I was never one of THOSE kind of concertgoers.
You know the kind — dressing like whores, hoping to get backstage with the band, barely-disguised promises of sexual favors evident in their expressions and outfits.
And so, even though I'd been to see plenty of rock and roll bands live, I'd never been backstage. Never even given it more than a fleeting thought.
Until one night changed everything.
It was a crowded, sweaty club in downtown Houston. The two opening acts had been tolerated, albeit impatiently, and the headliner was minutes away from taking the stage.
I was on my own this particular night — none of my friends were available, due to class schedules, work obligations, and other various and sundry excuses. I didn't really care — I'd been to concerts by myself in the past. The only disadvantage was not having anyone to talk to during the set breaks.
Conversely, an advantage was that I could slip closer to the stage than a group of two or three people could. Being on my own, I could find the gaps that a crowd of people inevitably leave between themselves and perfect strangers. At shows like this one, which were general admission, this was a big plus.
Before the band took the stage, I found myself front and center, separated from the edge of the stage by only three rows of people. Not bad.
The headliner tonight at the Meridian was a band I'd loved for years, but somehow never had the chance to see live. I screamed until my throat was raw as they took the stage, rocking their way through a mix of their older classics and newer work.

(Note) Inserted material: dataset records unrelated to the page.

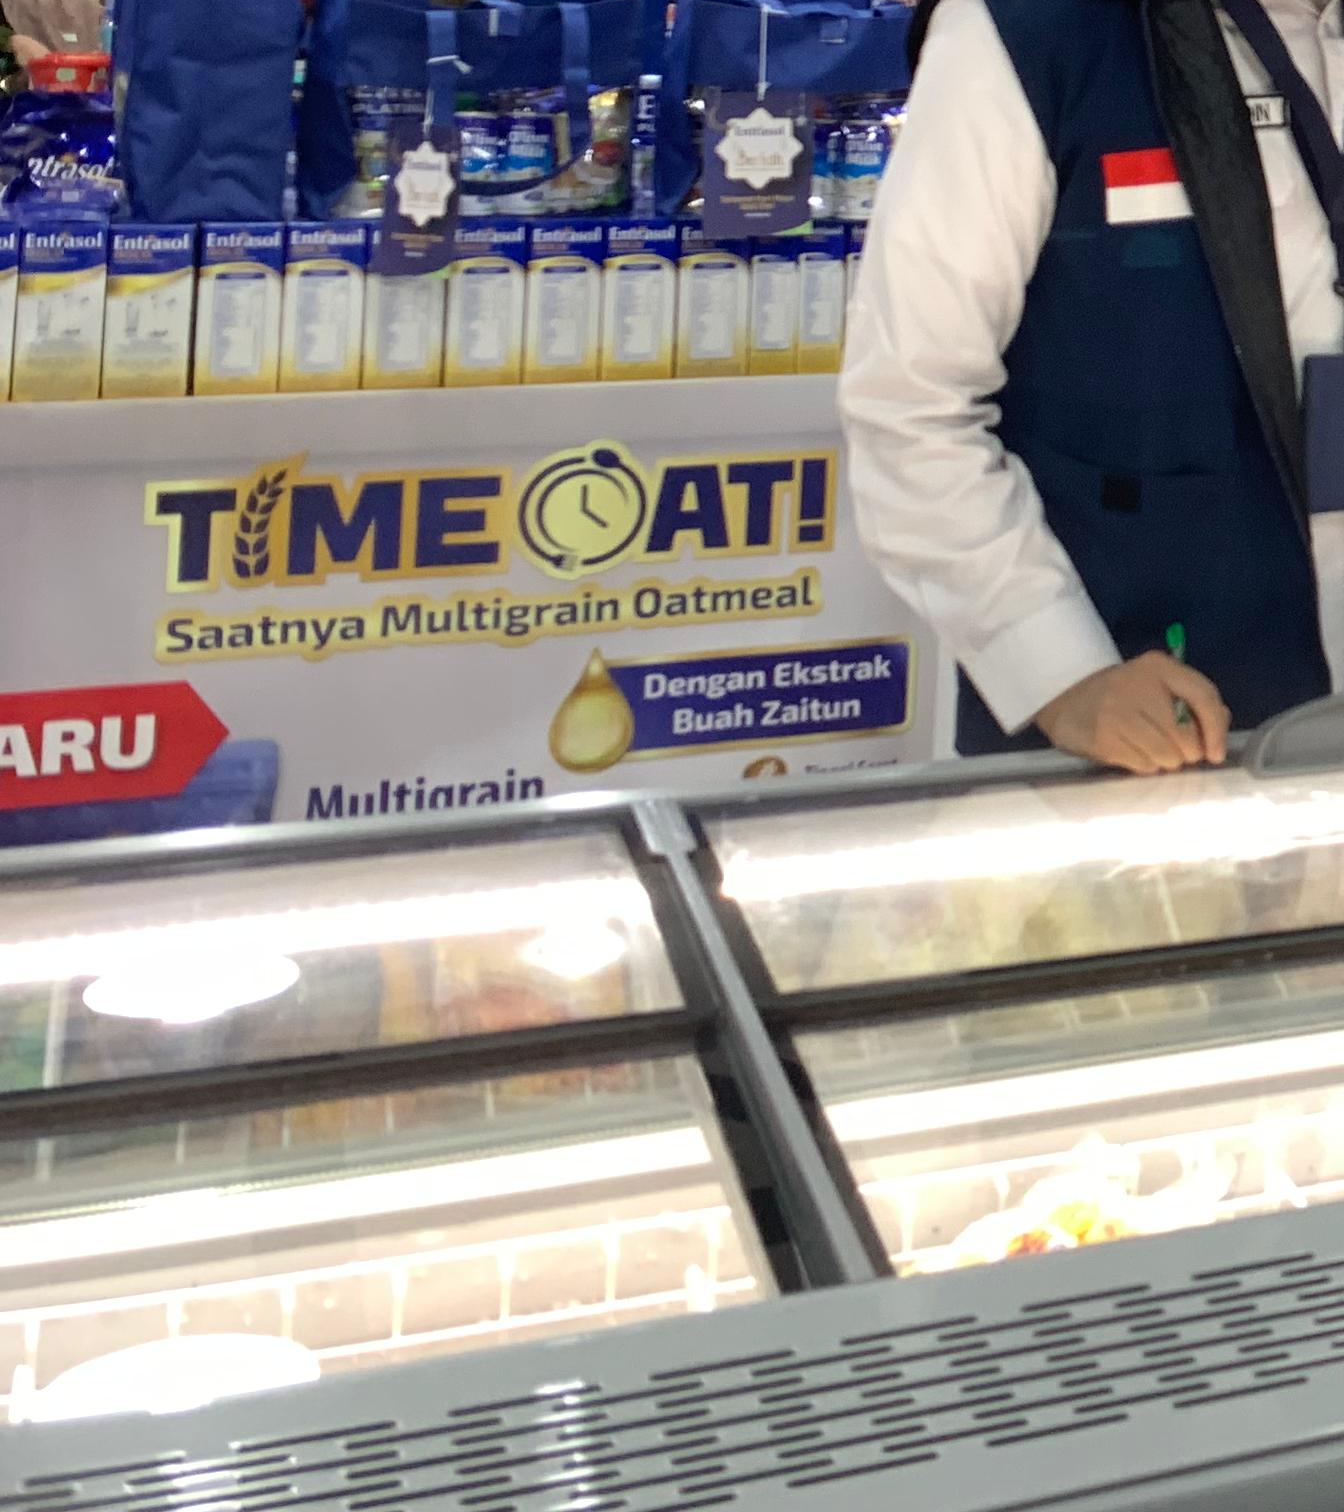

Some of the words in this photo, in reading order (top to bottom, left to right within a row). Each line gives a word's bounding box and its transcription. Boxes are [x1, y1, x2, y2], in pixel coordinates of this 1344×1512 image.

[25, 232, 103, 250] Entrasol
[113, 233, 190, 251] Entrasol
[206, 231, 282, 248] Entrasol
[290, 229, 365, 246] Entrasol
[166, 615, 365, 652] Saatnya
[381, 590, 619, 636] Multigrain
[634, 575, 813, 618] Oatmeal
[644, 671, 766, 700] Dengan
[774, 655, 892, 685] Ekstrak
[672, 705, 753, 735] Buah
[760, 697, 861, 727] Zaitun

And as I watched them perform, singing along to every song, something happened that I'd never experienced at a live show before.
I started to get horny.
At first, it was merely a dull ache in my groin. Granted, it had been a while since I'd gotten laid. But as I watched the band rock on stage, getting sweatier and sweatier, I felt my arousal grow.
The guitarist's arms were coated with a sheen of sweat, and the drummer's forehead was thick with wet hair. The bassist gyrated erotically on stage, but it was the lead singer — Brett — who captured most of my attention.

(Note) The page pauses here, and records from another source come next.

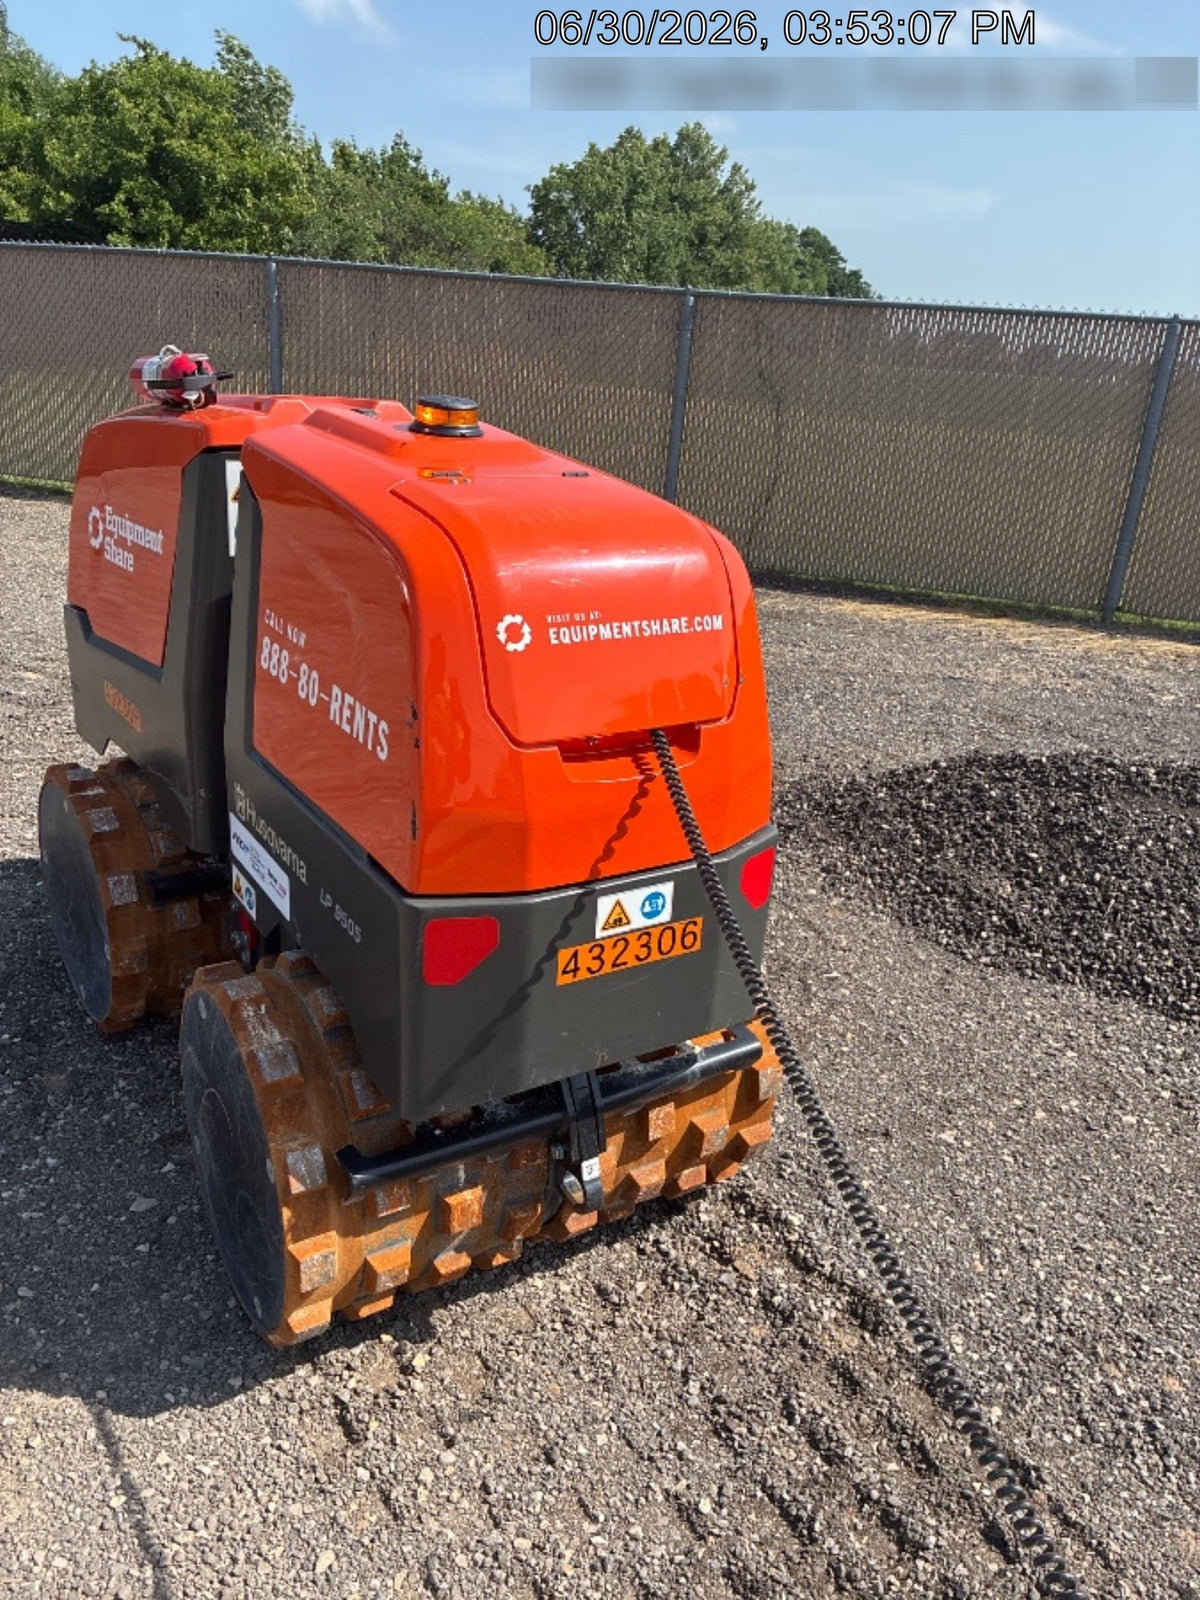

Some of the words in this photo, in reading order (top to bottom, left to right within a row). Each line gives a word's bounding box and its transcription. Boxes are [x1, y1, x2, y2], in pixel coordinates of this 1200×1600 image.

[104, 504, 164, 555] Equipment
[104, 536, 134, 572] Share
[264, 608, 284, 635] CALL
[287, 623, 306, 648] NOW
[548, 614, 724, 646] EQUIPMENTSHARE.COM
[573, 612, 586, 622] US
[260, 635, 390, 762] 888-80-RENTS
[246, 797, 308, 885] Husqvarna
[319, 887, 334, 908] LP
[561, 920, 699, 979] 432306

As the set continued on, I found myself wondering — could I do it? Could I try and be one of the groupies who "go backstage" after the show?
I was still undecided, wavering between proper behavior (going home) and something a little more unseemly, when the band finished their set. Like all the other people in attendance, I knew there would be an encore. But the audience shifted around in the pit during the break, and I found the opportunity to get even closer to the stage. Now, I was in the second row, separated from the stage by only one person.
If things had turned out differently, I probably would have just gone home after the show.
But, fate had a different role for me to play that night. During the second song of the encore set, I was rocking out with the rest of the crowd, giving the well-accepted two-finger "rock" salute with both hands, banging my head along to the beat.
Brett leaned down to sing the chorus to the crowd, crouching just over our heads. Our eyes locked, and I felt myself stunned as Brett leaned over, inches from my face, singing just to me. An electric shock ran down my body, centered between my legs.
Then, Brett leaned over further still, bracing one hand on my shoulder, leaning way out over the crowd, fingers caressing my neck. It was only for a scant few seconds, Brett performing to and singing with the crowd, then pushing back against my shoulder and returning to an upright position on the stage.
But the electric shock that ran to my groin was even stronger this time, and that's when I knew.